Local recurrence was reported in up to 20% of patients [24-37] or 10% of patients or less in many of the studies of SBRT [24–26, 28, 30–35]. The 1-, 2-, 3- and 5-year overall survival rates were 80% to 95% [26, 27, 30, 35, 37], 55% to 75% [24, 26–28, 30, 32], 43% to 85% [27, 29–33, 35–37], and 25% to 70% [27, 29, 34–37], respectively. The median overall survival was 32 to 62 months [27, 28, 30, 31, 33, 35]. The 3-year and 5-year cancer-specific survival rates were 67% to 88% [27, 29–32] and 41% to 76% [27, 29, 34], respectively.

Sher et al. [42] performed a cost-effectiveness analysis of SBRT and RFA for medically inoperable, early-stage NSCLC. They found that SBRT was the more cost-effective treatment. On the basis of the studies discussed here, SBRT may provide more local efficacy but may slightly be more toxic than RFA and is associated with similar midterm survival outcomes as RFA.

Although SBRT rivals RFA, these two modalities may be, at the same time, complementary to each other. For example, RFA may be performed when performing SBRT seems hazardous, that is, when a tumor is located near the hilum, mediastinum, lung apex, and vertebral body and a tumor is located in the lower lobe in the patients with considerable respiratory motion. Considering that RFA seems to impair pulmonary function less than SBRT inducing radiation pneumonitis, RFA may be applied to the patients with severe pulmonary dysfunction. In contrast, considering more local efficacy by SBRT, larger tumors may be treated with SBRT.

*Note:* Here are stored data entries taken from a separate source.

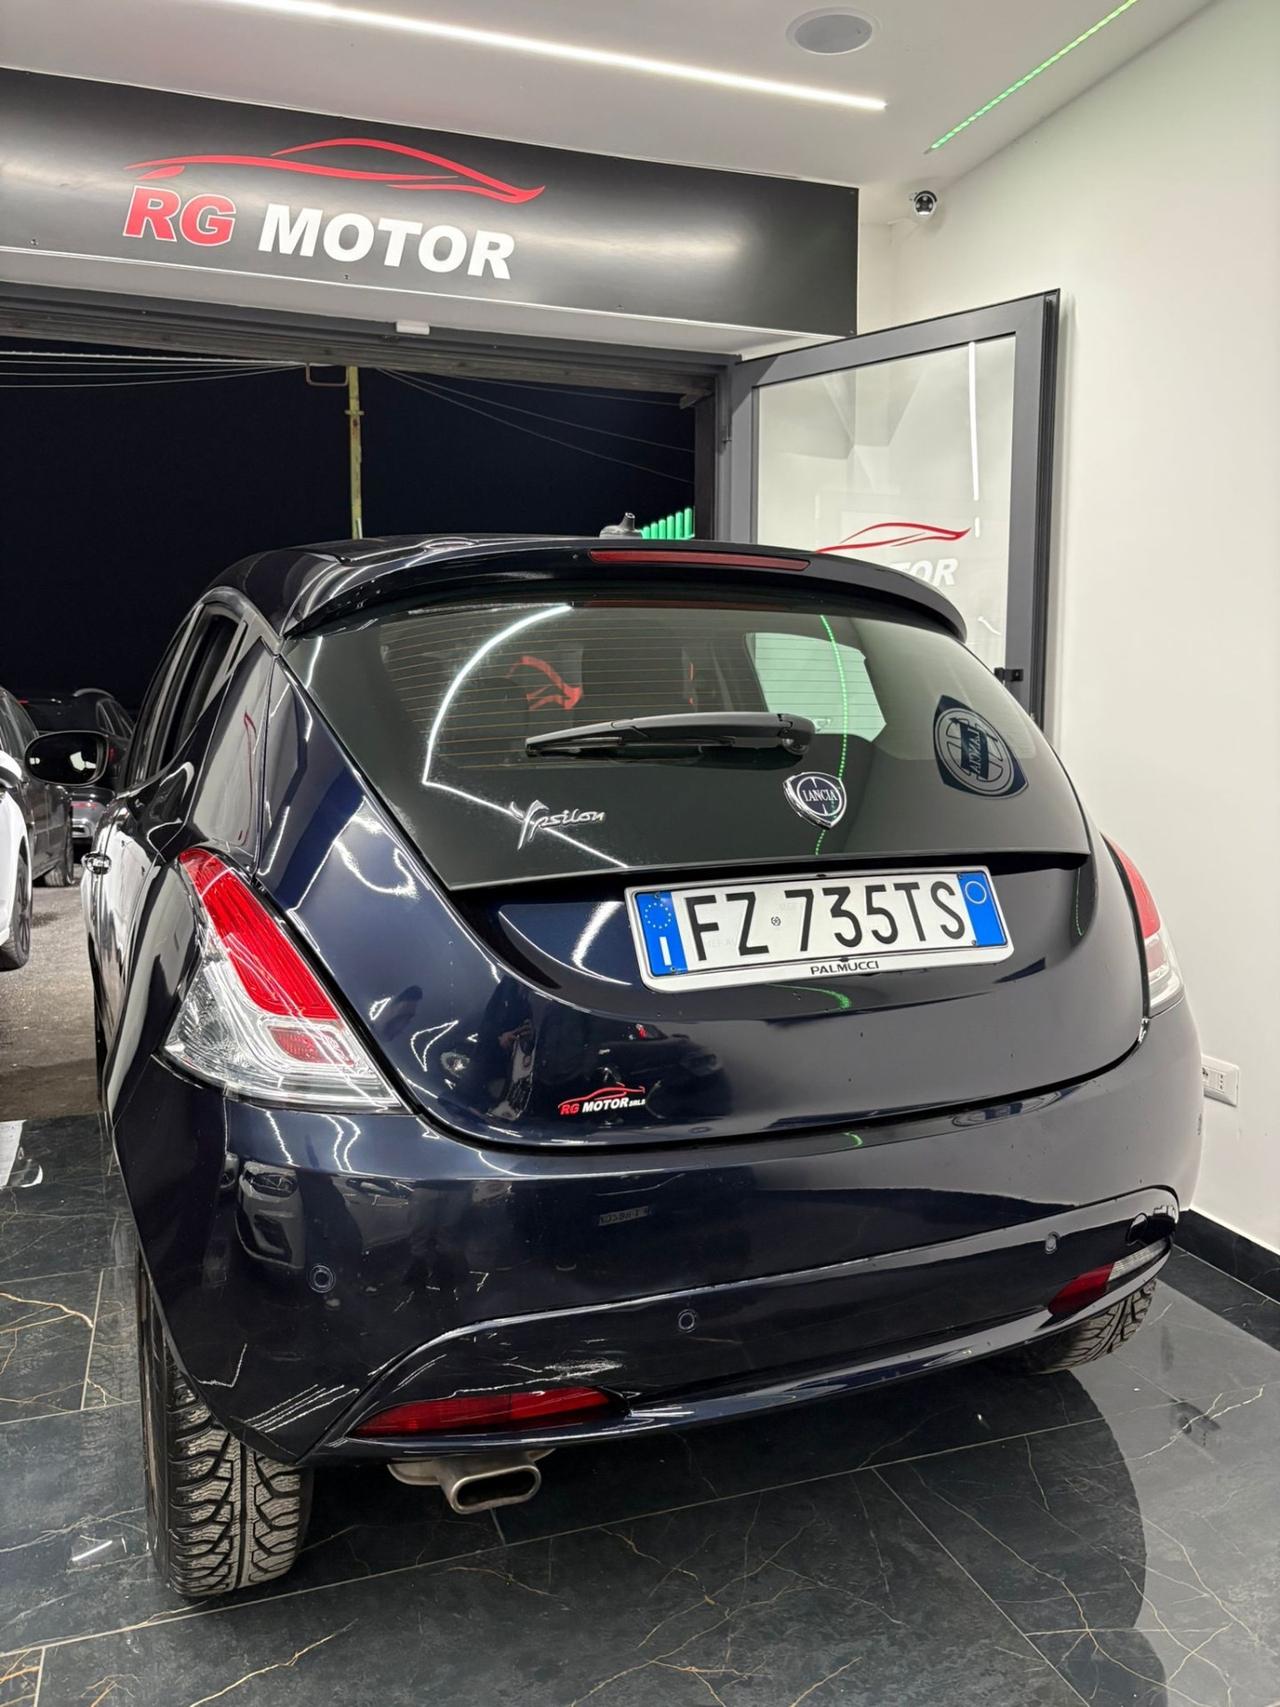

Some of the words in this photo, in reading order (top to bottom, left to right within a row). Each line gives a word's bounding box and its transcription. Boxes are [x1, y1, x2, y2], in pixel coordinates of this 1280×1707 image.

[122, 184, 237, 247] RG
[258, 203, 516, 280] MOTOR
[802, 788, 839, 802] LANCIA
[509, 799, 605, 851] Ypsilon
[684, 891, 770, 962] FZ
[784, 880, 966, 953] 735TS
[810, 960, 880, 975] PALMUCCI
[560, 1103, 580, 1115] RG
[582, 1097, 630, 1113] MOTOR

4. Role of RFA in the Treatment of Early-Stage NSCLC

The American College of Chest Physicians (ACCP) guidelines for diagnosis and management of lung cancer, third edition [43], included RFA as a treatment option for peripheral tumors less than 3 cm in size in inoperable patients. RFA appears to result in a higher rate of local failure than sublobar resection and SBRT. Tumors greater than 3 cm in size are especially likely to recur locally after therapy. Although it is unclear how much this increased local failure impacts survival outcomes in old and high-risk patients, we suggest that sublobar resection and SBRT may be the preferred therapeutic options for patients with early-stage NSCLC who are unsuitable for lobectomy. Therefore, RFA may currently be reserved for patients who are unfit for sublobar resection or SBRT. This suggestion is in accordance with the consensus statement made by the ACCP and the Society of Thoracic Surgeons [44]. This statement recommended RFA as a treatment option for high-risk patients with stage I NSCLC with peripheral lesions less than 3 cm in size. This statement also noted that the limited ability of RFA to control primary tumors was responsible for the limited enthusiasm for its use in patients who are not candidates for SBRT or sublobar resection. However, the role of RFA in the treatment of early-stage NSCLC should ultimately be determined by the results of studies with high-quality evidence comparing RFA with other local therapies in the future.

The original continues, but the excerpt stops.